*Dataset entries*.
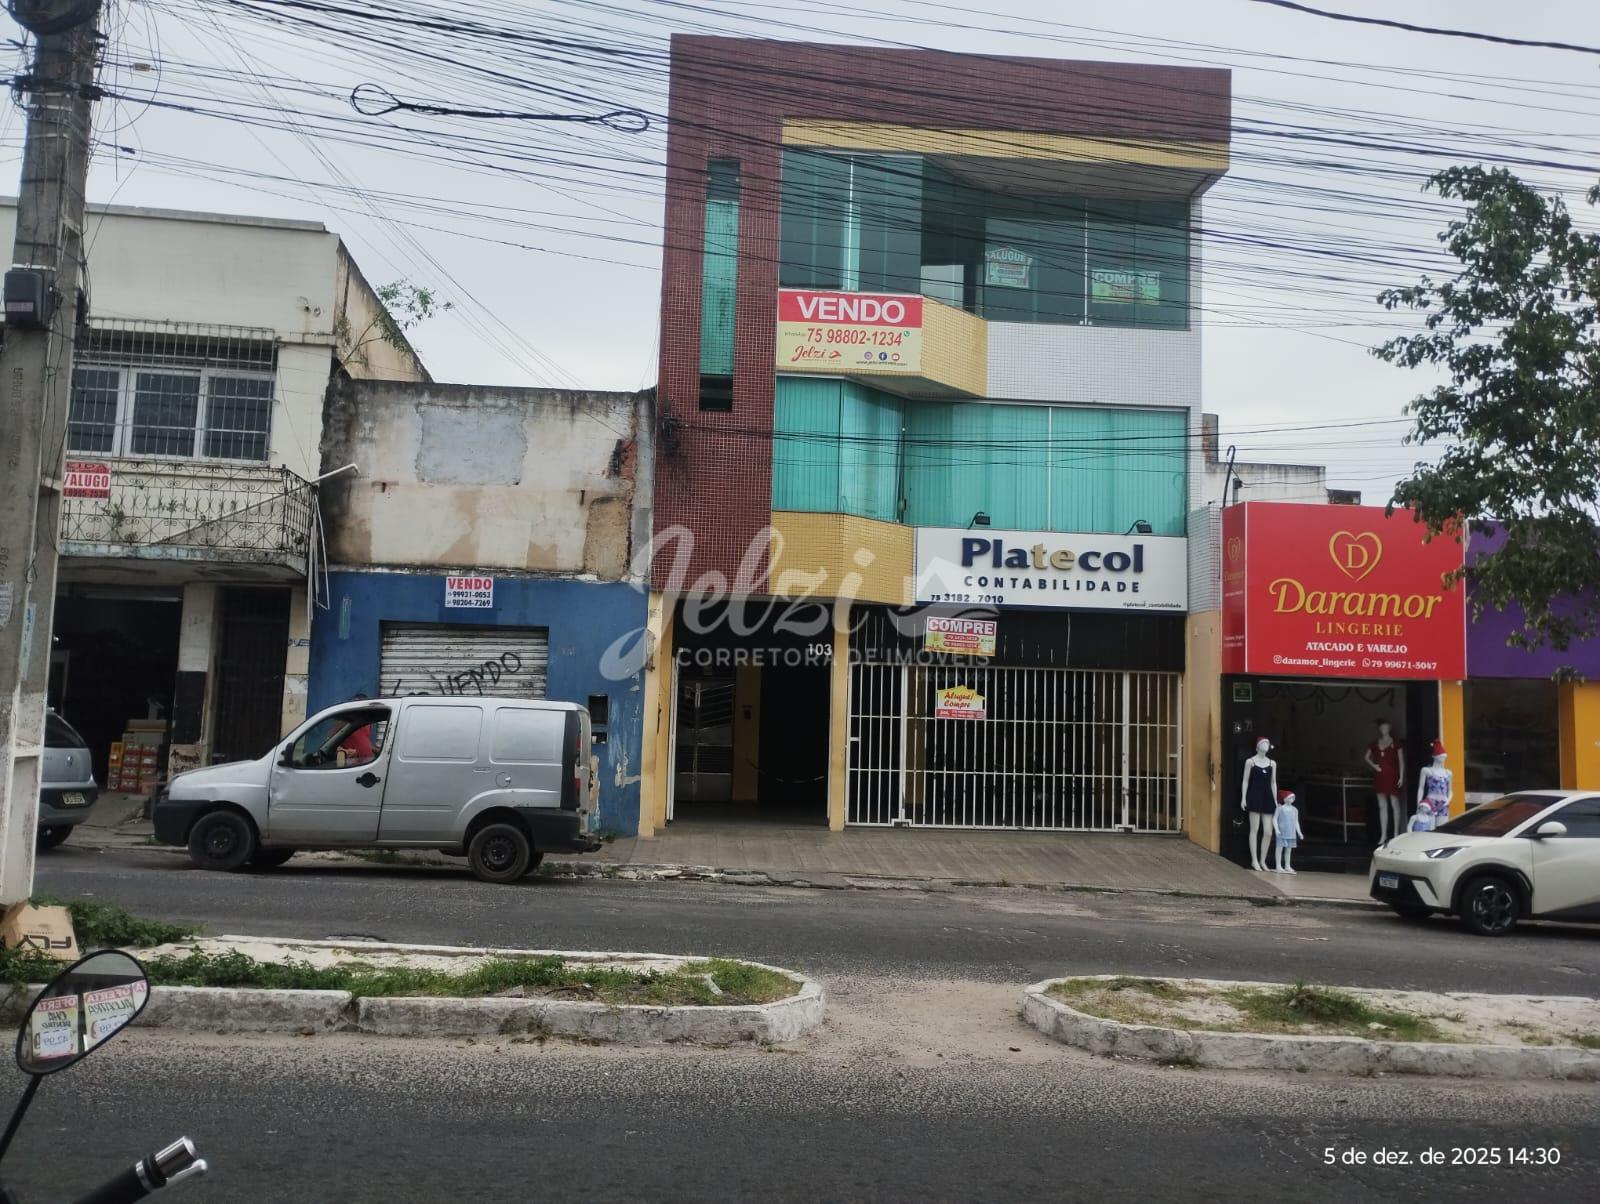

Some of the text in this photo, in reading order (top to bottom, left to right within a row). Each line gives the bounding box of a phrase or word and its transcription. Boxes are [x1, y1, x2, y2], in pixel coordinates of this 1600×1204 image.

[796, 295, 905, 324] VENDO
[807, 327, 823, 343] 75
[826, 328, 903, 346] 98802-1234
[791, 345, 827, 362] Jelzi
[961, 537, 1144, 573] Platecol
[1346, 543, 1369, 569] D
[447, 578, 492, 590] VENDO
[964, 576, 1141, 593] CONTABILIDADE
[1268, 578, 1443, 619] Daramor
[928, 619, 994, 635] COMPRE
[1316, 621, 1404, 636] LINGERIE
[807, 643, 832, 656] 103
[1305, 641, 1408, 654] ATACADO E VAREJO
[1282, 656, 1356, 668] daramor_lingerie
[1371, 660, 1382, 668] 79
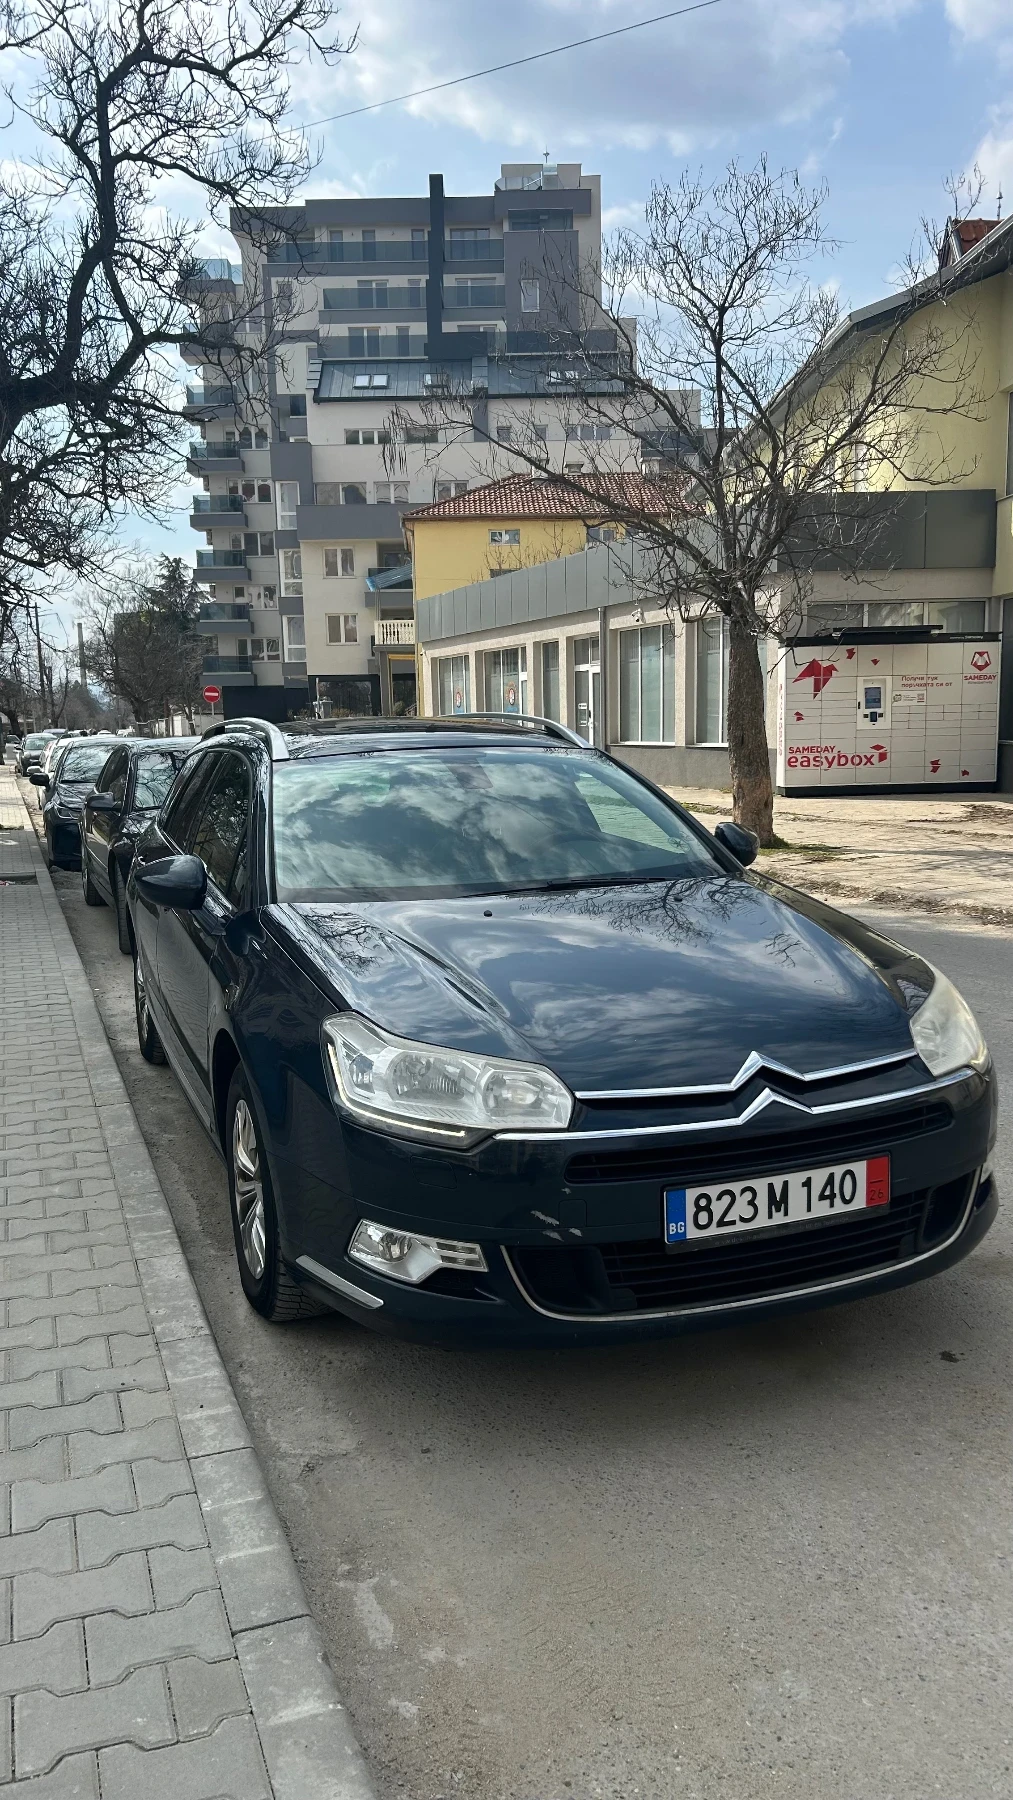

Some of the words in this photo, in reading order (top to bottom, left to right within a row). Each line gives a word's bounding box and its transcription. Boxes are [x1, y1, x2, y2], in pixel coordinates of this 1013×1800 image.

*EXERCISE*.
Output the data exactly as it appears. The pictures do not belong in it.

*ANSWER FOR THE TASK*.
Some of the text in this photo, in reading order (top to bottom, left to right within a row). Each line gives the bounding box of a phrase or word and its transcription. Boxes are [x1, y1, x2, y2], in pixel coordinates of this 1600×1204 image.

[796, 295, 905, 324] VENDO
[807, 327, 823, 343] 75
[826, 328, 903, 346] 98802-1234
[791, 345, 827, 362] Jelzi
[961, 537, 1144, 573] Platecol
[1346, 543, 1369, 569] D
[447, 578, 492, 590] VENDO
[964, 576, 1141, 593] CONTABILIDADE
[1268, 578, 1443, 619] Daramor
[928, 619, 994, 635] COMPRE
[1316, 621, 1404, 636] LINGERIE
[807, 643, 832, 656] 103
[1305, 641, 1408, 654] ATACADO E VAREJO
[1282, 656, 1356, 668] daramor_lingerie
[1371, 660, 1382, 668] 79

Some of the words in this photo, in reading order (top to bottom, left to right within a row). Each line gives a word's bounding box and its transcription. Boxes are [x1, y1, x2, y2], in pixel coordinates of this 1013×1800 image.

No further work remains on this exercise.